[[ Data for review open ]]

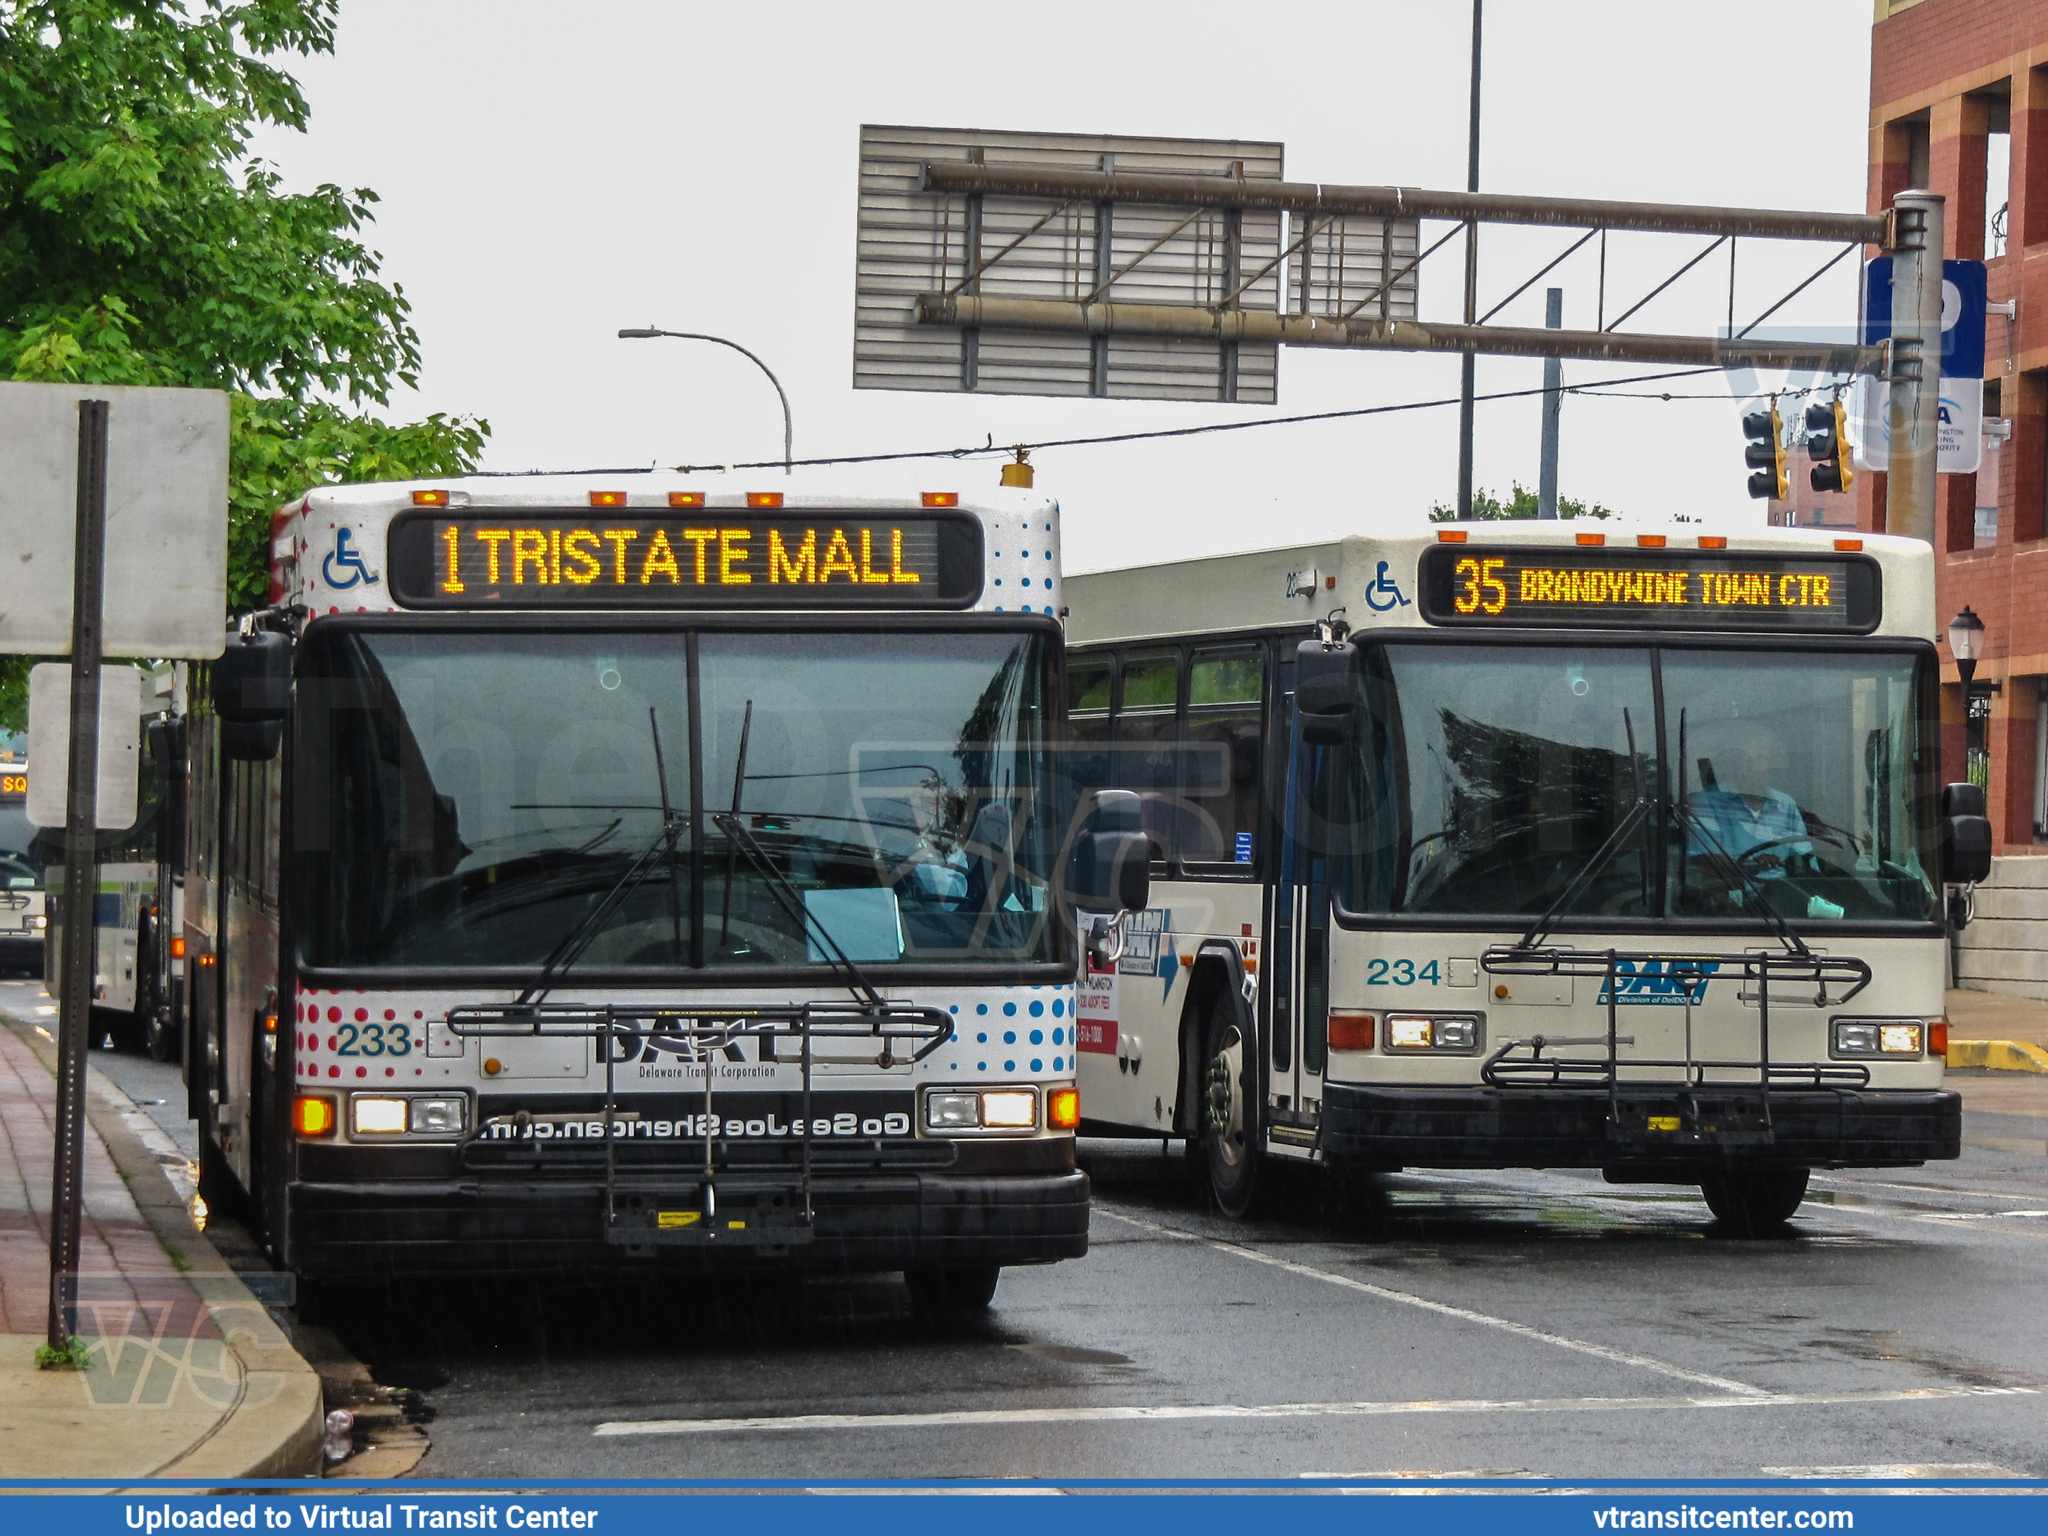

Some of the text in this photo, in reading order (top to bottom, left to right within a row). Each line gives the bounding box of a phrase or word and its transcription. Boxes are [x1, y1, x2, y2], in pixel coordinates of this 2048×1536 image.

[442, 525, 920, 594] 1 TRISTATE MALL
[1455, 558, 1830, 615] 35 BRANDYWINE TOWN CTR
[2, 776, 27, 792] SQ
[1367, 958, 1442, 986] 234
[338, 1023, 412, 1056] 233
[639, 1065, 776, 1080] Delaware Tranit Corporation
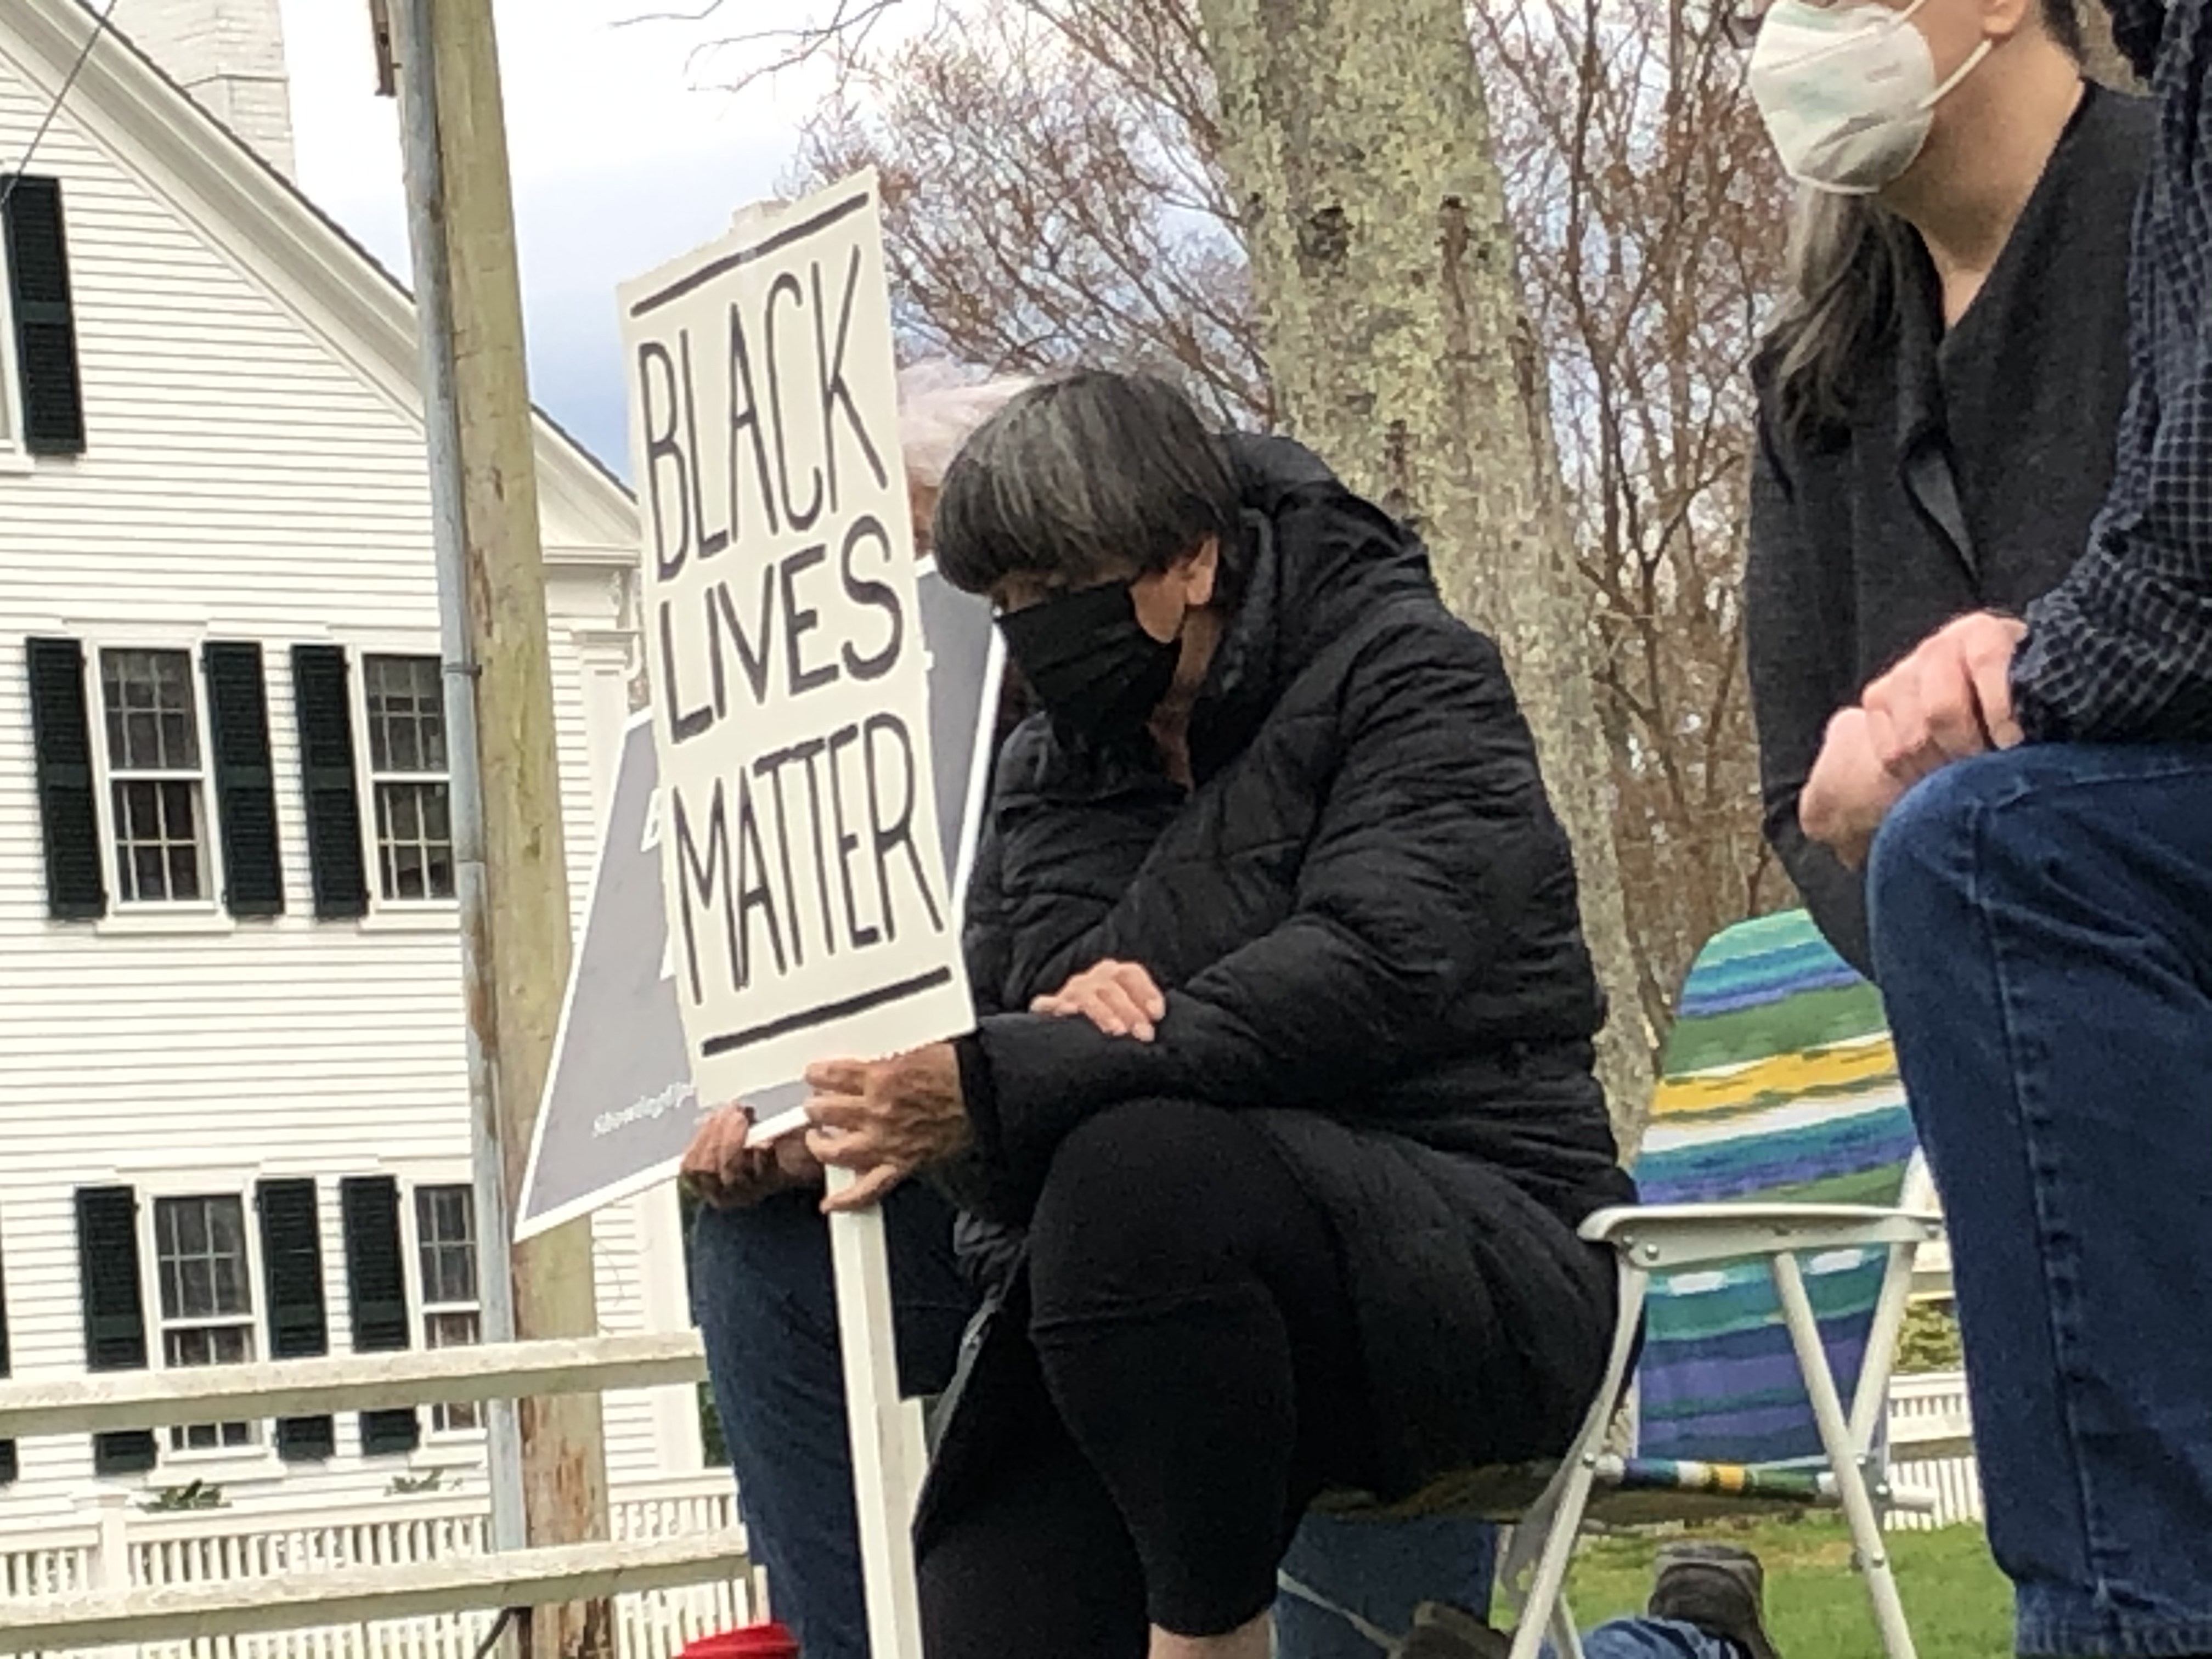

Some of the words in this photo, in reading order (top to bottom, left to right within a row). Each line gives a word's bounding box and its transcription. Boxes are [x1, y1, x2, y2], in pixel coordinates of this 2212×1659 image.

[638, 245, 888, 583] BLACK
[659, 514, 904, 744] LIVES
[673, 712, 944, 1005] MATTER

[[ Data for review closed ]]

■ Prompt ■
The whole listing should be restated word for word, with no pictures.

■ Answer box ■
Some of the text in this photo, in reading order (top to bottom, left to right within a row). Each line gives the bounding box of a phrase or word and its transcription. Boxes are [x1, y1, x2, y2], in pixel coordinates of this 2048×1536 image.

[442, 525, 920, 594] 1 TRISTATE MALL
[1455, 558, 1830, 615] 35 BRANDYWINE TOWN CTR
[2, 776, 27, 792] SQ
[1367, 958, 1442, 986] 234
[338, 1023, 412, 1056] 233
[639, 1065, 776, 1080] Delaware Tranit Corporation

Some of the words in this photo, in reading order (top to bottom, left to right within a row). Each line gives a word's bounding box and its transcription. Boxes are [x1, y1, x2, y2], in pixel coordinates of this 2212×1659 image.

[638, 245, 888, 583] BLACK
[659, 514, 904, 744] LIVES
[673, 712, 944, 1005] MATTER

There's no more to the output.